Chitrapur Saraswat Community

Musings on a minuscule minority community of Chitrapur Saraswats

The Saraswats in South India are divided into six groups. Chitrapur Saraswats form one of them. I was born a Chitrapur Saraswat. I married a Goud Saraswat and very soon my husband and myself had to move away from our home-state. My husband, Krishnananda Kamat was a distinguished Kannada writer, with a Ph.D. from New-York state University. I was in All India Radio service which made me, a thana Konkani, develop a pan-Indian outlook, getting exposed to several languages and cultures very different from mine. In addition, members of both my father's family and Kamat's family are among the enlightened ones, who do not stress on caste or cluster barriers. Claustrophobia, from which majority of Indians suffer because of caste restrictions, was only a dictionary word to us.

G.L.Kamat
Swamiji of Chitrapur Muth
Swamiji of Chitrapur Muth
Sadyojata Shankarshrama Swamiji of Chitrapur

While I am an Indian first and foremost, I am at times proud of my Chitrapur (also known as Bhanap) heritage. The Bhanaps are, in the Indian context, a highly advanced community with 100% literacy; it is also a community in which there is no gender-discrimination, and which has first co-operative efforts to its credit like co-operative housing societies, banks, old people's homes etc. Compared to other groups among Saraswats, Bhanaps are more organised, more united and forward looking. They had caste-census more than a hundred years back; first English school more than hundred and fifty years ago and a community magazine which is ninety-six year old. But the community is fast diminishing with very low birthrate and inter-caste marriages. As is common in patriarchal society, wife/children acquire the community identity of the husband/father.
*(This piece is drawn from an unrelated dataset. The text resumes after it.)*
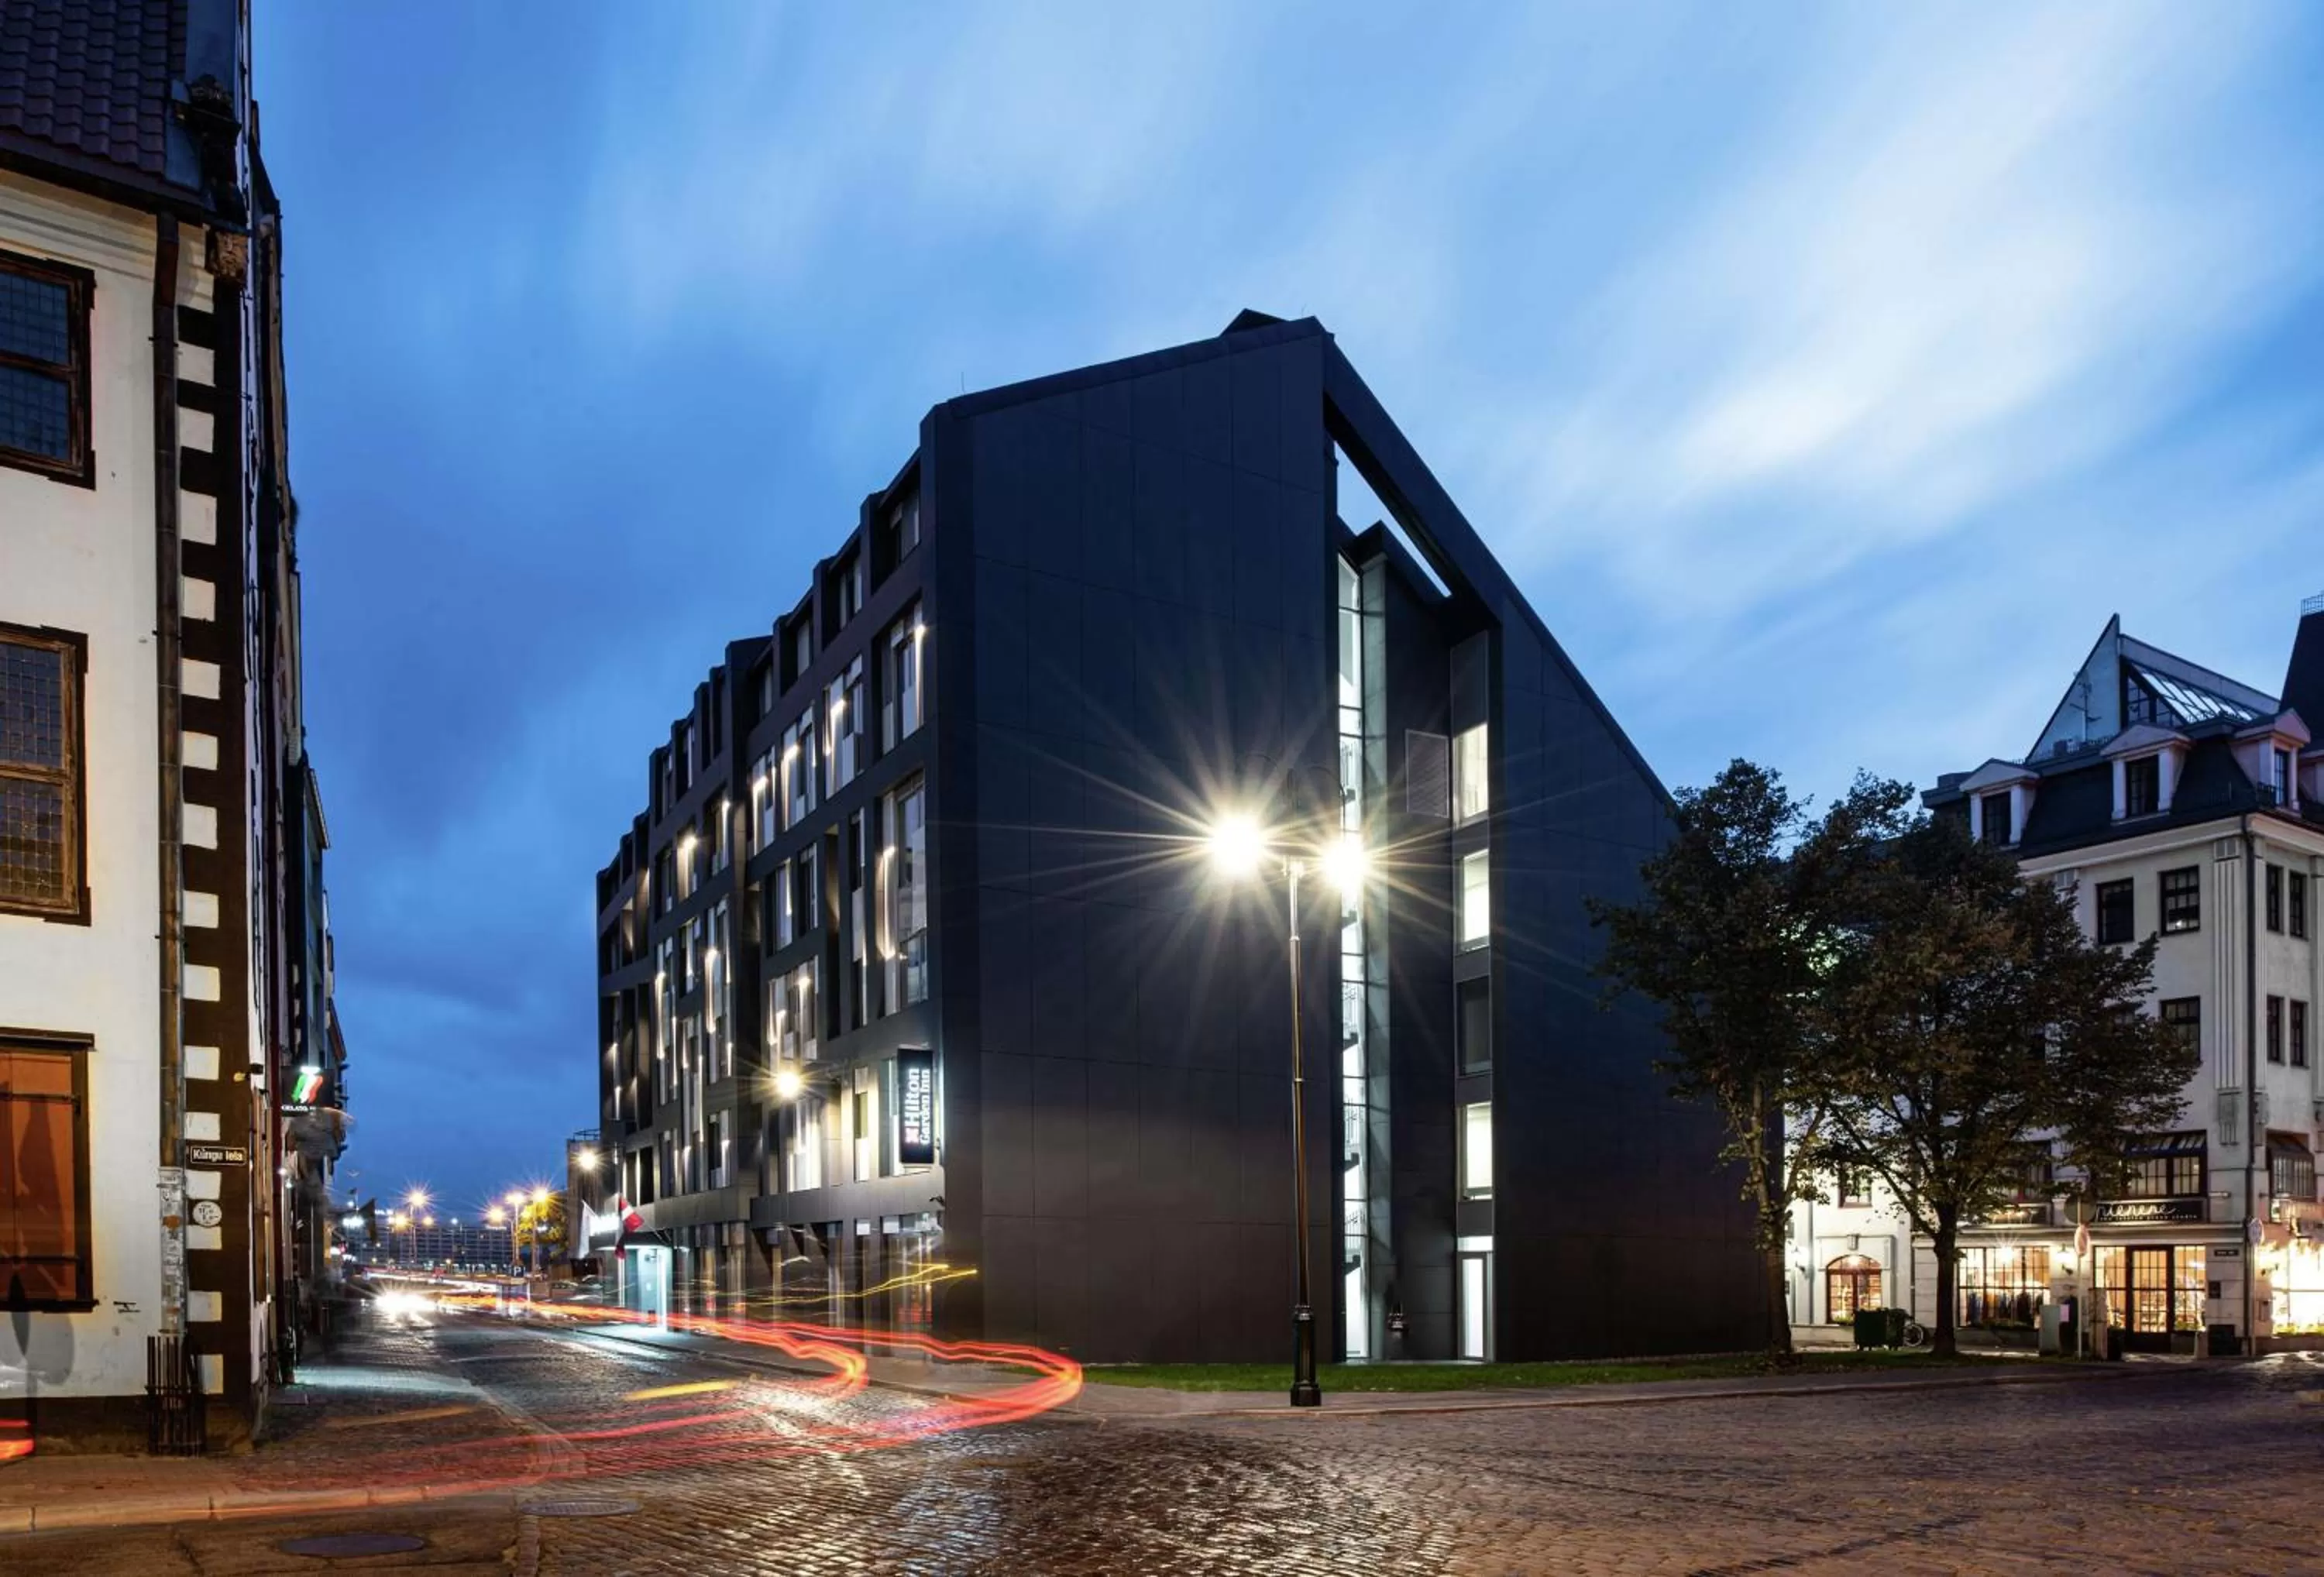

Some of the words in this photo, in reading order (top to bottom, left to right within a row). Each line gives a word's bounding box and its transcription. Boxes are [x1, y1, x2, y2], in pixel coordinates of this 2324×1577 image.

[904, 1068, 920, 1126] Hilton
[920, 1068, 930, 1093] Inn
[920, 1095, 930, 1145] Garden
To have a clearer idea of the present status and forthcoming danger to this minuscule minority community facts are given in nutshell.

  • Total number - 25,000(twenty five thousand only) among more than one billion Indians.
  • Birth rate quite low: There were 15,000 members in 1930, 18,000 in 1955, 21,000 in 1971 and only 25,000 in 2005. India has 300% growth, Bhanaps have less than 50% growth rate.
  • Inter-caste marriage rate is 1 in 5. The community is becoming diluted.
  • The community is service-oriented. Very few are in business/industry (except few doctors).
  • Life span-75 years (average in India is 63 years)
  • Have itinerary traits.
  • They came to Goa from North about 1500 years ago.
  • From Goa to Kanara - 300 years ago.
  • From Kanara region to big cities (Mumbai, Chennai, Pune, Bangalore etc.. about 100 years ago.)
  • From India to Gulf-countries, UK, USA, Canada, Australia etc.,- the trend started about 40 years ago. It continues.
  • 12% are living abroad, (1,000 families)
  • They are mostly middle-class community with no poverty class. There are some in upper middle class and few are rich.
  • Family ties are strong, but nuclear families do not leave much scope for strong binding between extended families.
  • The Chitrapur Math (300 years old) provides a strong religious bond. The present pontiff (shown in the picture above) holds Masters degree in Physics, guides the community in all spiritual and social matters; is interested in welfare of the young and old alike.
  • The Goud Saraswat community from which the Bhanaps branched out three hundred years ago is about ten times bigger; many factors like language, food, festivals, and pooja-rituals being common, they mix easily. Nowadays marriages between them are also becoming common.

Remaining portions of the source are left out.